Policies and procedures are an important part of a practice's HIPAA security compliance program, but are not the only requirement for being in compliance. It is critical that practice policies and procedures accurately reflect your current technical and operational procedures. In most cases, template policies and procedures must be customized for your practice and require technical expertise in addition to regulatory knowledge.

Next: Answer to Q11

Q11:

True or False: Medical practices are not required to notify patients through the mail of changes to their protected health information notice.

[Answer: True]

HHS notes that the HIPAA Privacy Rule doesn't require that revised notices or notification of changes be sent via mail. The notification must, however, be made available upon request by patients or others after the effective date of the revision as well as posted in a "clear and prominent location" at the practice.

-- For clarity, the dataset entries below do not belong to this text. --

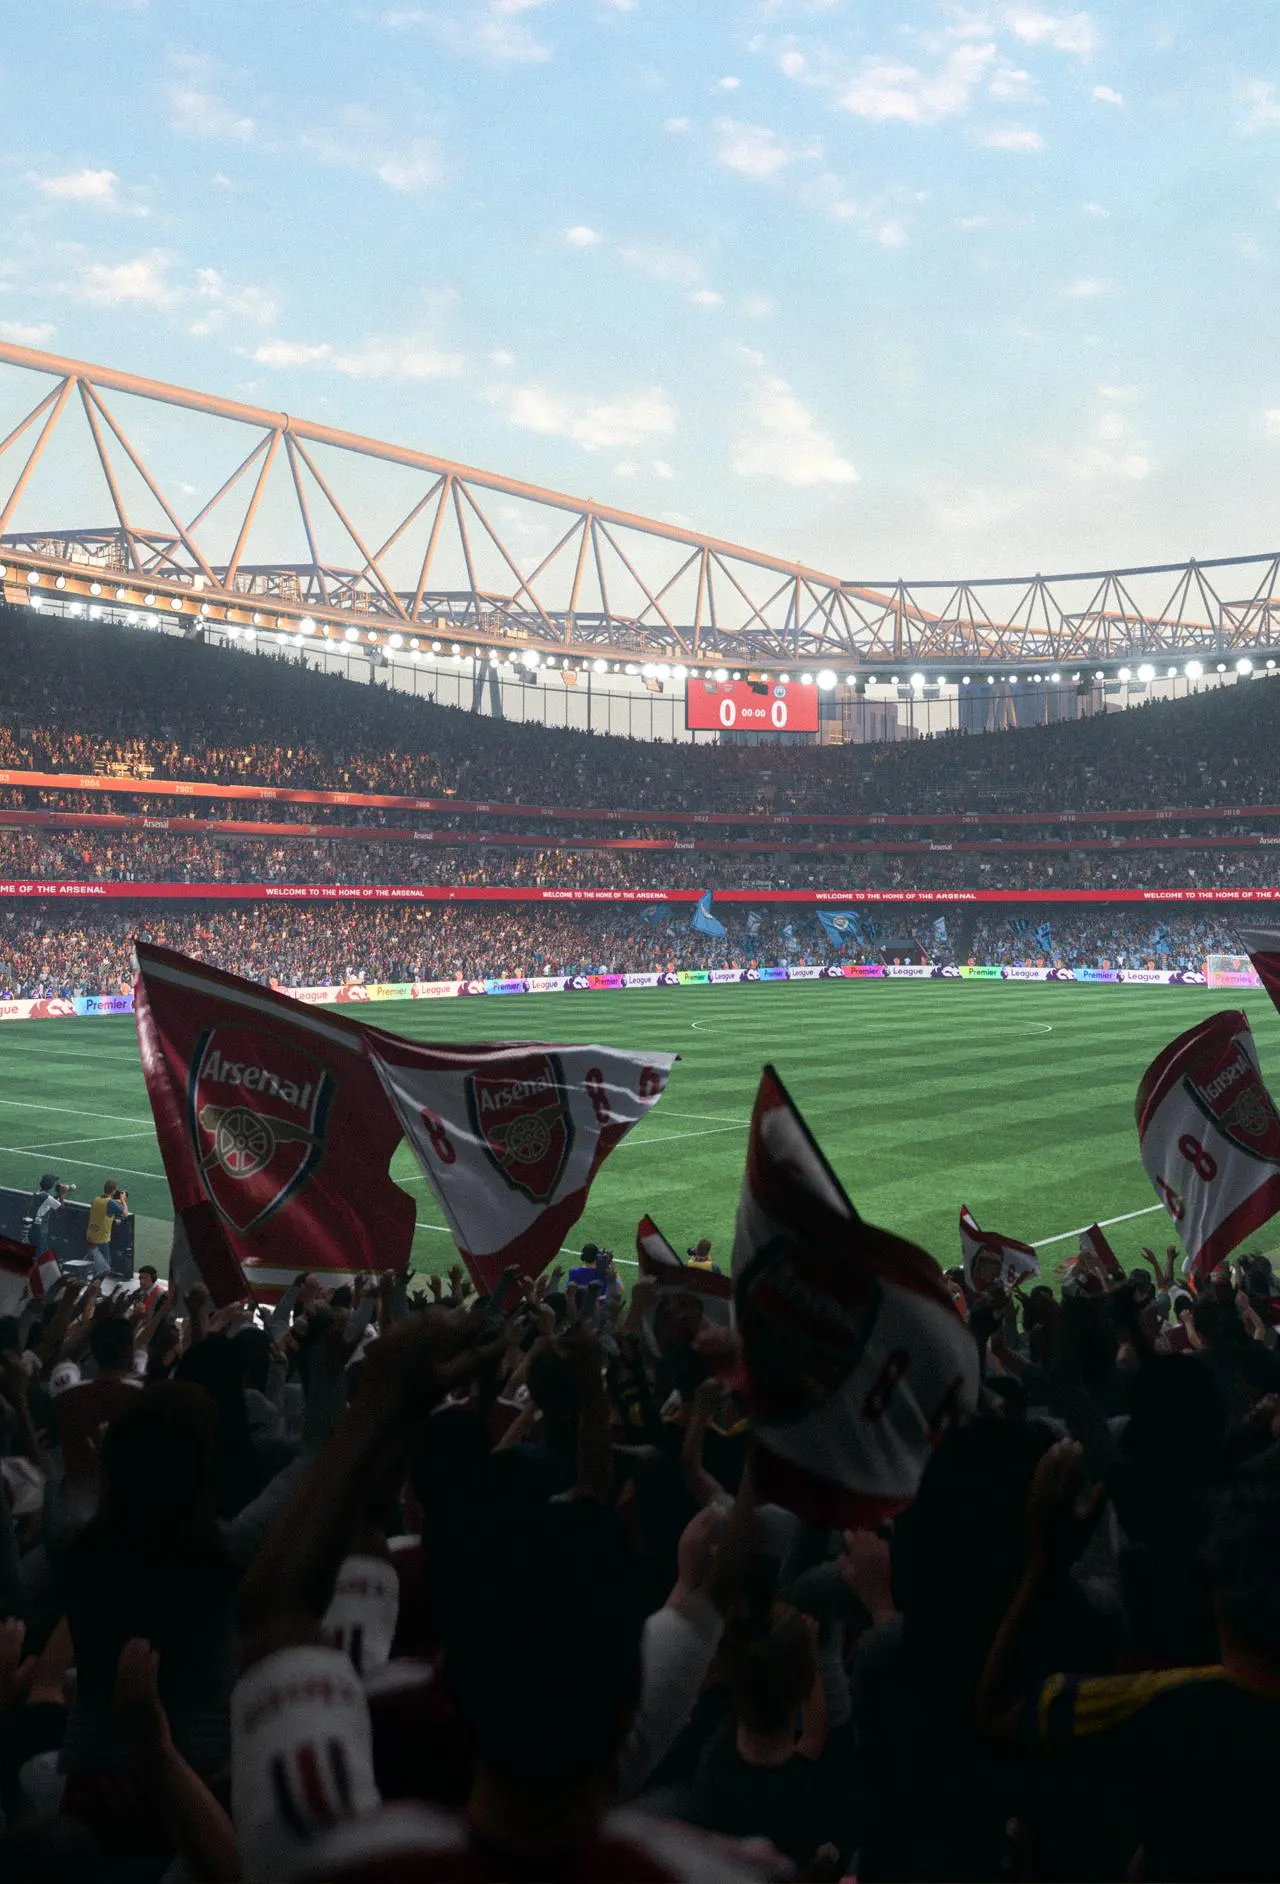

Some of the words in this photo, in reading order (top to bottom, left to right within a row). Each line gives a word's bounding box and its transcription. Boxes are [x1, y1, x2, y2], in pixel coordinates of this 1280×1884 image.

[720, 698, 736, 727] 0
[741, 708, 766, 717] 00:00
[771, 700, 788, 728] 0
[80, 779, 100, 788] 2004
[175, 785, 194, 794] 2005
[143, 819, 169, 829] Arsenal
[19, 885, 33, 894] OF
[37, 885, 56, 894] THE
[59, 886, 106, 894] ARSENAL
[265, 888, 307, 896] WELCOME
[684, 973, 706, 981] Premier
[715, 972, 735, 980] League
[764, 969, 783, 977] Premier
[792, 969, 814, 977] League
[850, 967, 879, 975] Premier
[893, 968, 924, 976] League
[968, 968, 997, 976] Premier
[1011, 969, 1039, 977] League
[1083, 971, 1113, 979] Premier
[1127, 971, 1161, 981] League
[493, 981, 520, 990] Premier
[532, 980, 559, 990] League
[594, 977, 618, 985] Premier
[629, 976, 652, 985] League
[377, 986, 407, 996] Premier
[421, 984, 451, 995] League
[294, 990, 328, 1001] League
[86, 999, 127, 1010] Premier
[201, 1049, 314, 1111] Arsenal
[480, 1067, 551, 1113] Arsenal
[421, 1108, 456, 1164] 8

Providers must also ensure that the most current notice (the one in effect at that time) is provided to patients at their first visit and made available on the practice’s website if one exists.

Next: Answer to Q12

Q12:

True or False: Medical practices only need to do a risk analysis once to comply with HIPAA.

[Answer: False]

To comply with HIPAA, medical practices must continue to review, correct or modify, and update security protections, according to HHS.

Next: Answer to Q13

Q13:
True or False: HIPAA allows a friend or family member to pick up a patient's prescription.

[Answer: True]

HHS states that a relative or friend arriving at a pharmacy for this purpose "effectively verifies" that this person is involved in the patient's care. The HIPAA Privacy Rule allows the pharmacist to distribute the prescription without receipt of a prior list of approved family members or friends.

Next: Answer to Q14

Q14:

True or False: Cloud-based EHRs are exempt from HIPAA as there is no on-site storage of ePHI.

[Answer: False]

The HIPAA Security Rule applies to all individually identifiable ePHI, not just information contained in certified EHRs. This may include appointment information, billing records, transcription, test results, imaging and other electronic data transmitted or stored on devices in your practice.

Next: Answer to Q15

Q15:

True or False: Non-participation in CMS' Meaningful Use program also means exemption from having to  do a HIPAA risk analysis.

[Answer: False]

Just like cloud-based storage, the HIPAA Security Rule applies to all identifiable ePHI, not just that contained in EHRs. Appointment information, billing records, transcriptions, test results, and other electronic data transmitted or stored on devices in your practice require HIPAA compliance, exclusive of your participation in the Medicare or Medicaid EHR Incentive Programs.

Next: Answer to Q16

Q16:

True or False: Small medical practices have to comply with the same rule as larger provider systems.

[Answer: True]

While the size of the practice, types of computer systems, and resources may determine what types of security technology and processes are reasonable and appropriate for the individual practice, all covered entities have to comply with the same set of regulations, standards, and implementation specifications contained in the HIPAA Security Rule.